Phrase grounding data
━━━━━━━━━━
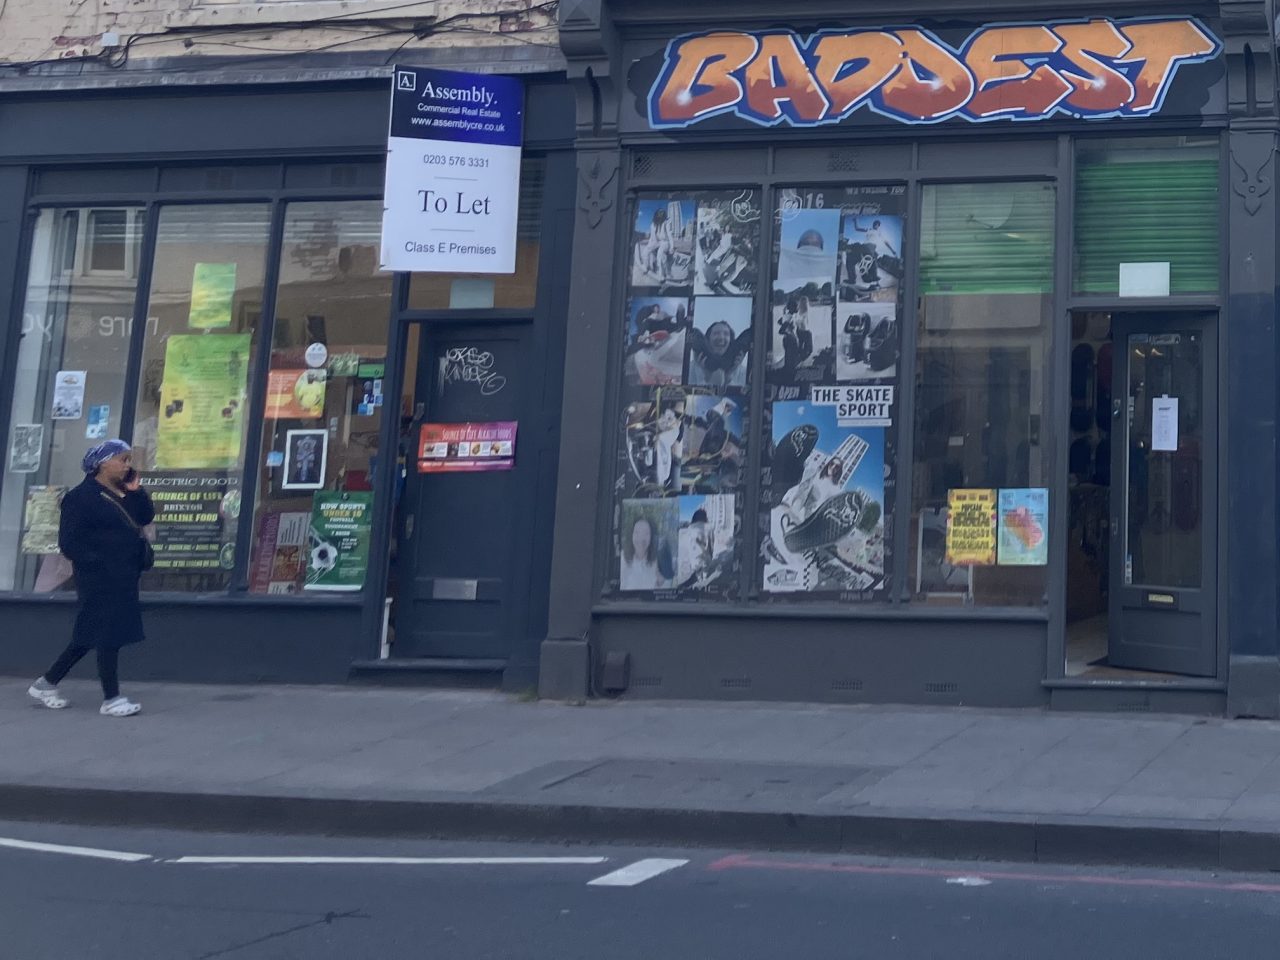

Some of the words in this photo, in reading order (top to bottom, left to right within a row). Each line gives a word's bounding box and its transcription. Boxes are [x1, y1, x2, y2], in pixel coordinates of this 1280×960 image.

[647, 16, 1222, 128] BADDEST
[421, 81, 498, 107] Assembly.
[417, 103, 460, 115] Commercial
[461, 108, 478, 116] Real
[479, 109, 501, 118] Estate
[411, 116, 505, 132] www.assemblycre.co.uk
[423, 154, 446, 165] 0203
[448, 155, 466, 166] 576
[468, 156, 489, 167] 3331
[418, 190, 448, 213] To
[456, 192, 491, 215] Let
[405, 241, 435, 253] Class
[438, 242, 446, 253] E
[450, 243, 496, 255] Premises
[814, 389, 840, 402] THE
[846, 389, 891, 402] SKATE
[838, 403, 885, 417] SPORT
[139, 477, 197, 486] ELECTRIC
[201, 477, 238, 486] FOOD
[151, 491, 188, 501] SOURCE
[190, 492, 201, 500] OF
[163, 503, 203, 512] BRIXTON
[195, 513, 218, 522] FOOD
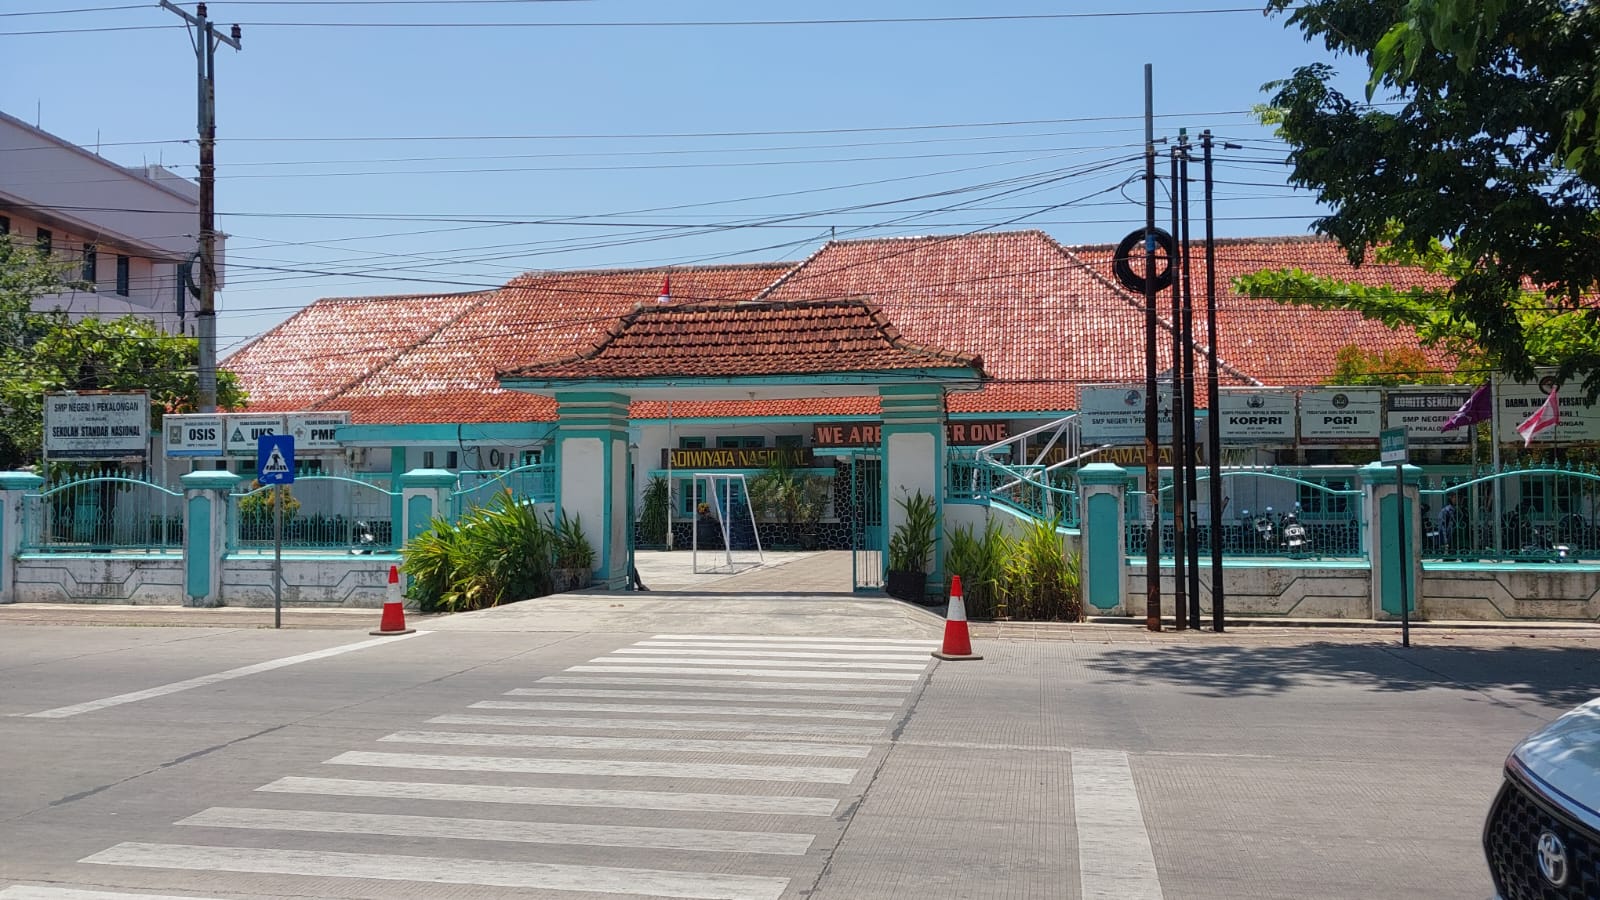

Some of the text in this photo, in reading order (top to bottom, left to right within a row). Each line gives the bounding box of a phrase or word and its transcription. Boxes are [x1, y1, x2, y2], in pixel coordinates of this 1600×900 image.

[54, 402, 68, 412] SMP
[68, 402, 91, 412] NEGERI
[96, 402, 139, 412] PEKALONGAN
[1394, 396, 1464, 408] KOMITE SEKOLAH
[1229, 416, 1282, 425] KORPRI
[1323, 416, 1358, 425] PGRI
[52, 425, 141, 437] SEKOLAH STANDAR NASIONAL
[188, 428, 216, 441] OSIS
[250, 427, 275, 440] UKS
[817, 426, 844, 444] WE
[848, 425, 881, 443] ARE
[970, 423, 1007, 441] ONE
[670, 450, 736, 467] ADIWIYATA
━━━━━━━━━━
Retype all the data exactly. Omit pictures.

**Expected answer**:
Some of the words in this photo, in reading order (top to bottom, left to right within a row). Each line gives a word's bounding box and its transcription. Boxes are [x1, y1, x2, y2], in pixel coordinates of this 1280×960 image.

[647, 16, 1222, 128] BADDEST
[421, 81, 498, 107] Assembly.
[417, 103, 460, 115] Commercial
[461, 108, 478, 116] Real
[479, 109, 501, 118] Estate
[411, 116, 505, 132] www.assemblycre.co.uk
[423, 154, 446, 165] 0203
[448, 155, 466, 166] 576
[468, 156, 489, 167] 3331
[418, 190, 448, 213] To
[456, 192, 491, 215] Let
[405, 241, 435, 253] Class
[438, 242, 446, 253] E
[450, 243, 496, 255] Premises
[814, 389, 840, 402] THE
[846, 389, 891, 402] SKATE
[838, 403, 885, 417] SPORT
[139, 477, 197, 486] ELECTRIC
[201, 477, 238, 486] FOOD
[151, 491, 188, 501] SOURCE
[190, 492, 201, 500] OF
[163, 503, 203, 512] BRIXTON
[195, 513, 218, 522] FOOD

Some of the text in this photo, in reading order (top to bottom, left to right within a row). Each line gives the bounding box of a phrase or word and its transcription. Boxes are [x1, y1, x2, y2], in pixel coordinates of this 1600×900 image.

[54, 402, 68, 412] SMP
[68, 402, 91, 412] NEGERI
[96, 402, 139, 412] PEKALONGAN
[1394, 396, 1464, 408] KOMITE SEKOLAH
[1229, 416, 1282, 425] KORPRI
[1323, 416, 1358, 425] PGRI
[52, 425, 141, 437] SEKOLAH STANDAR NASIONAL
[188, 428, 216, 441] OSIS
[250, 427, 275, 440] UKS
[817, 426, 844, 444] WE
[848, 425, 881, 443] ARE
[970, 423, 1007, 441] ONE
[670, 450, 736, 467] ADIWIYATA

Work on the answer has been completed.